C’est connu de tous. Très souvent, les politiques congolais veulent une chose et son contraire. Et, cela est dû au fait qu’ils privilégient d’abord leurs intérêts personnels avant celui du peuple pour lequel ils prétendent se soucier. Actuellement, le débat sur les élections et ses contours semble glisser, comme une patate chaude, entre les mains de ceux qui y participent. La Commission électorale nationale indépendante et toutes les parties prenantes à ces joutes du 23 décembre prochain sont sur deux rives parallèles, même à quelques encablures du jour-j. Il faut dire que la rive des acteurs politiques est, elle aussi, saucissonnée de manière hachée et non équitable.

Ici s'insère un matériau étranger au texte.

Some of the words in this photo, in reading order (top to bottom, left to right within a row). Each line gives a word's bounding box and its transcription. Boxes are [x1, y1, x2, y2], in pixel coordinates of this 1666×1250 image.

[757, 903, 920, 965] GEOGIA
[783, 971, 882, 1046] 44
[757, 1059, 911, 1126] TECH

Dans le chef des présidentiables, les principaux ténors sont, selon les derniers sondages, le camp du Front Commun pour le Congo qui, avec son candidat, parcourt déjà les sentiers de l’intérieur du pays, les ressortis de Genève réunis dans la coalition Lamuka dont la solide équipe de campagne a été publiée mardi et, enfin, le ‘’ticket gagnant‘’, sorti du ventre de Nairobi avec une nouvelle alliance. En effet, en étant aujourd’hui scindés en deux camps distincts, les leaders de l’opposition ont légèrement émietté les chances de rafler, haut la main, le pouvoir à ses vieux détenteurs. Si réellement c’est le changement qui les conduit comme du gasoil dans un moteur Diesel, ne faut-il pas repenser autrement ? En gros, un rapprochement plus réfléchi est toujours envisageable au vu des atouts de chaque camp.

Les moyens, la popularité, les stratagèmes, les idées…

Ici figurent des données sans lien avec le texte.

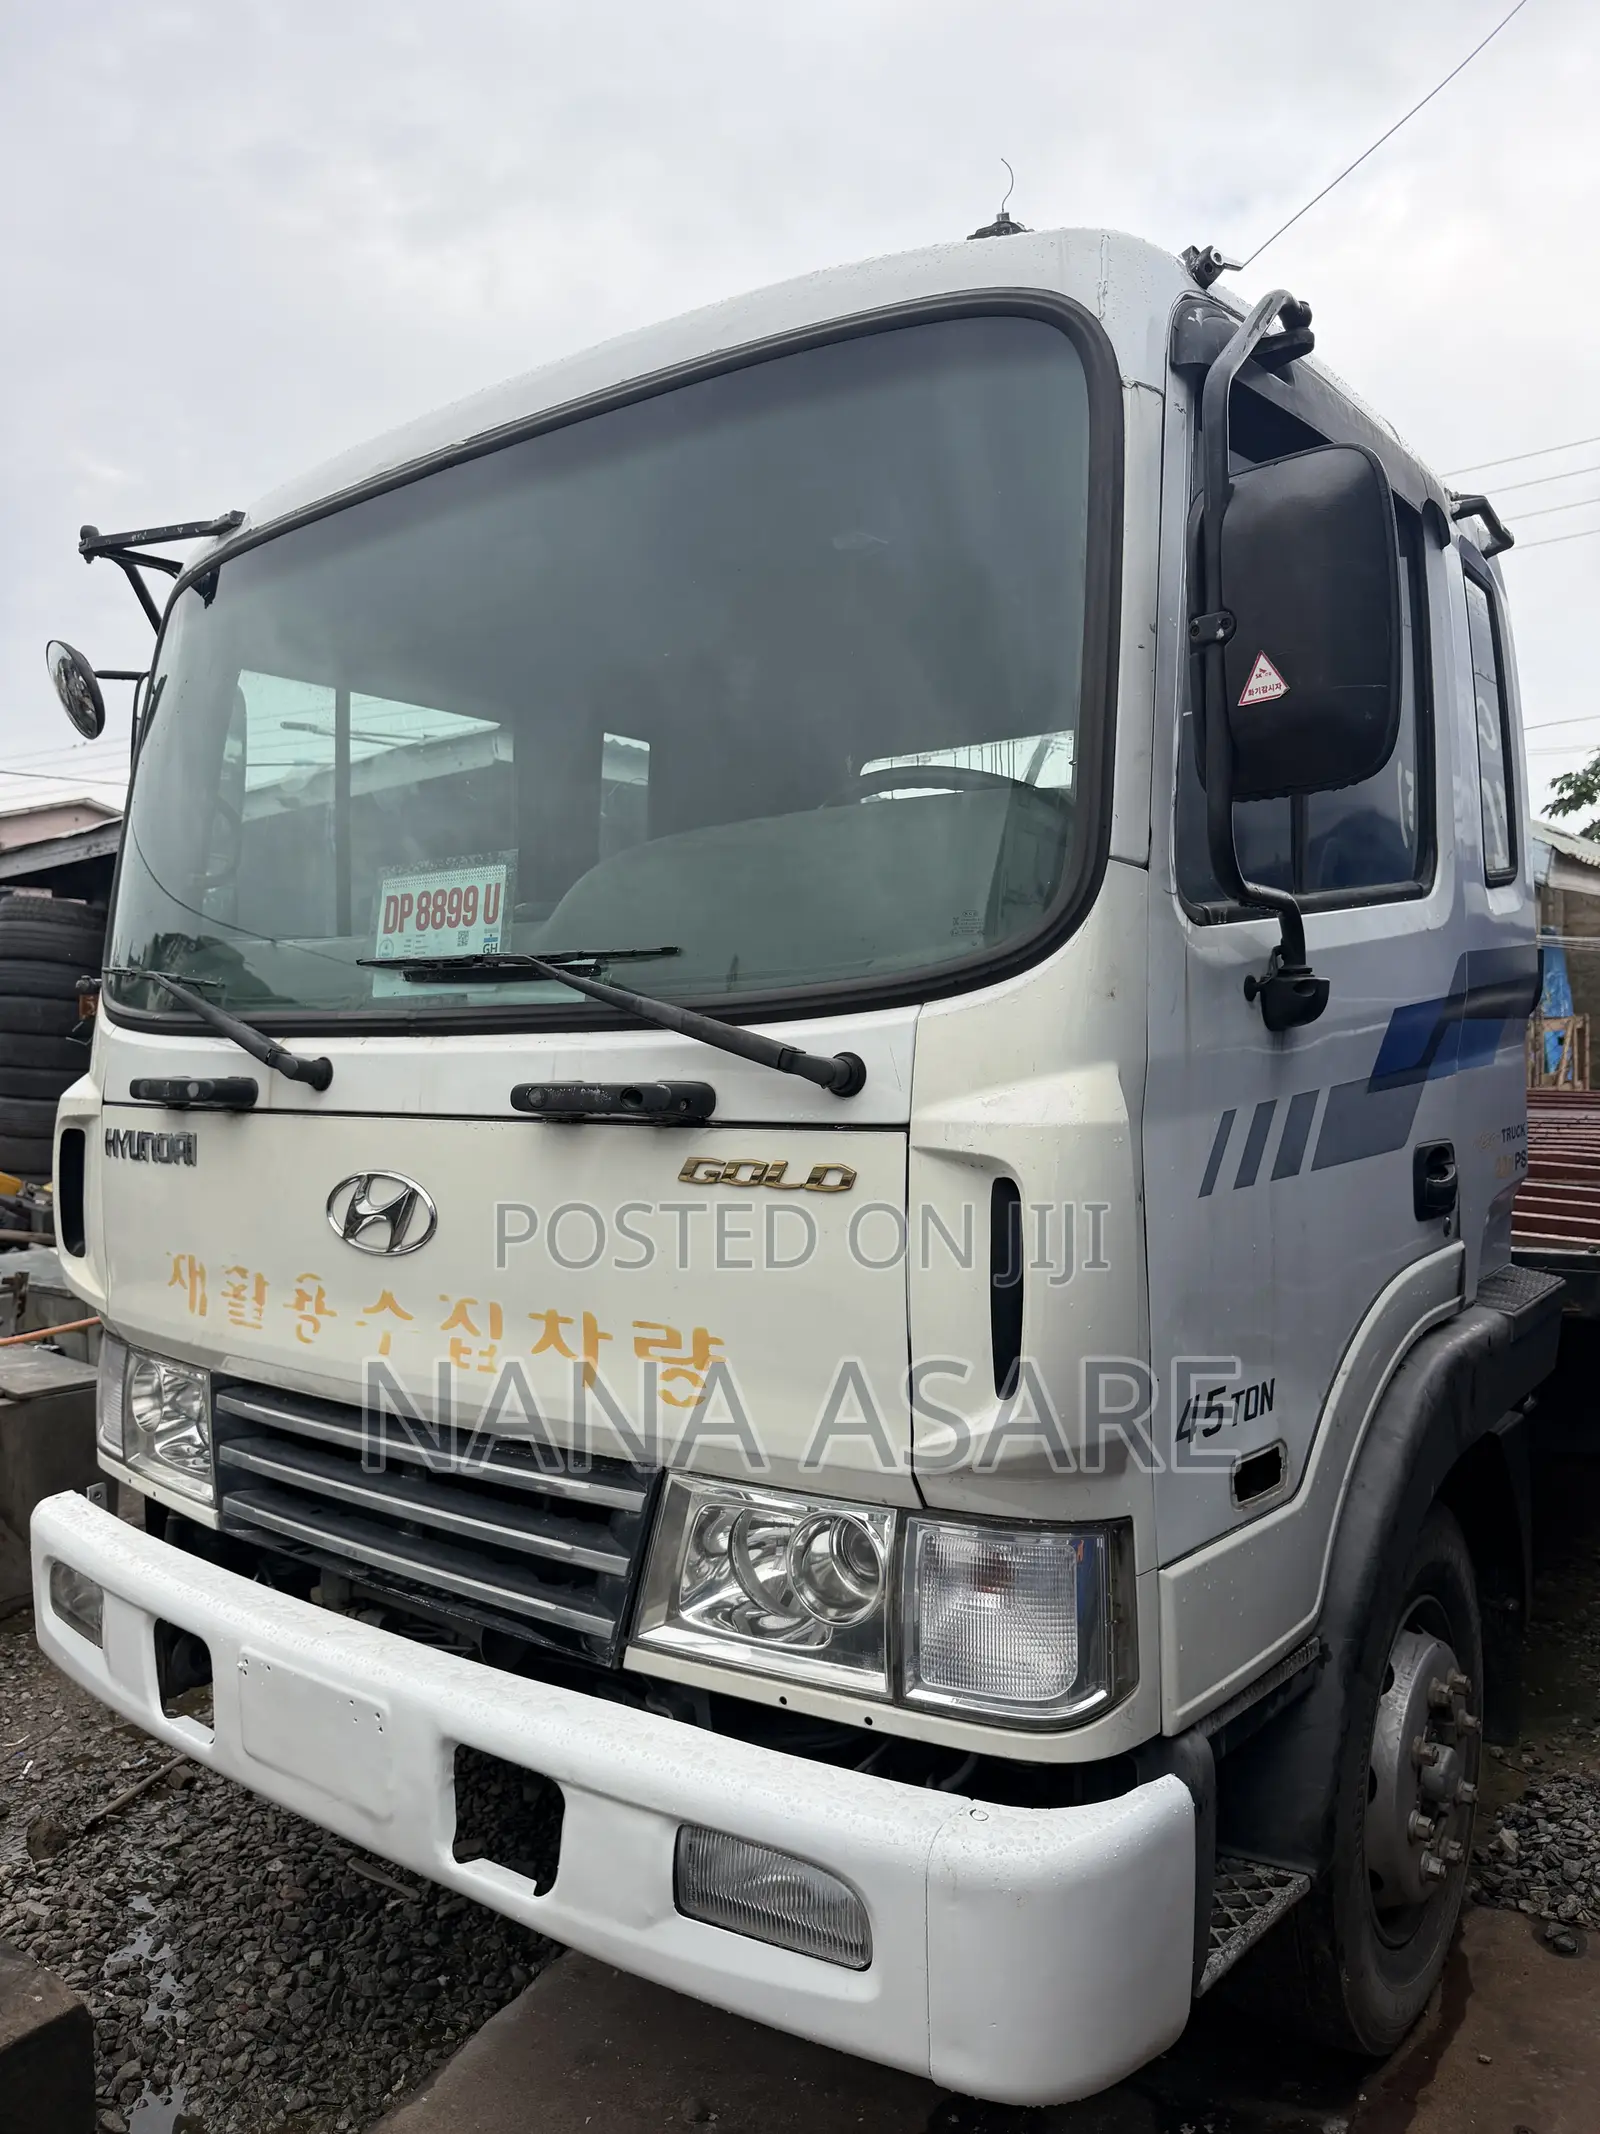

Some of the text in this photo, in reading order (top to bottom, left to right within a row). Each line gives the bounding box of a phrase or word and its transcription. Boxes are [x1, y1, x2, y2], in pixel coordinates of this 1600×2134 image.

Au fait, ce qui est plus surprenant, c’est que le débat a longuement été focus sur cette affaire de candidature commune, programme commun et équipe de campagne, alors que le compte à rebours a déjà été enclenché. Il y a plus de discussion et moins d’actions concrètes. Il faut faire la campagne électorale messieurs !

Les préalables majeurs n’ont toujours pas été honorés jusqu’à ce jour notamment, la préoccupation sur la liberté des manifestations pacifiques et celle des médias pro-opposition ainsi que la décrispation politique totale, telle que conclue le 31 décembre 2016, sous la barbe des évêques. Mais, surtout l’utilisation de la ‘’machine à voter‘’ aux prochains scrutins, sous-tendue par le fichier électoral contenant plus de 10 millions d’électeurs fictifs qui demeure sur le fil du rasoir. Sans oublier la question du seuil de représentativité, le coupe-gorge post-électoral. Tout ceci paraît être un second débat qui va très vite refaire surface et mettre en doute la fiabilité des scrutins et ses résultats. Pour le moment, la Centrale électorale tourne le dos à tout ce tintamarre, en mettant le cap sur la tenue des élections pour lesquelles l’organisation boite très clairement. Entre ignorance et contrevérité,  qui voit clair ?

La Pros.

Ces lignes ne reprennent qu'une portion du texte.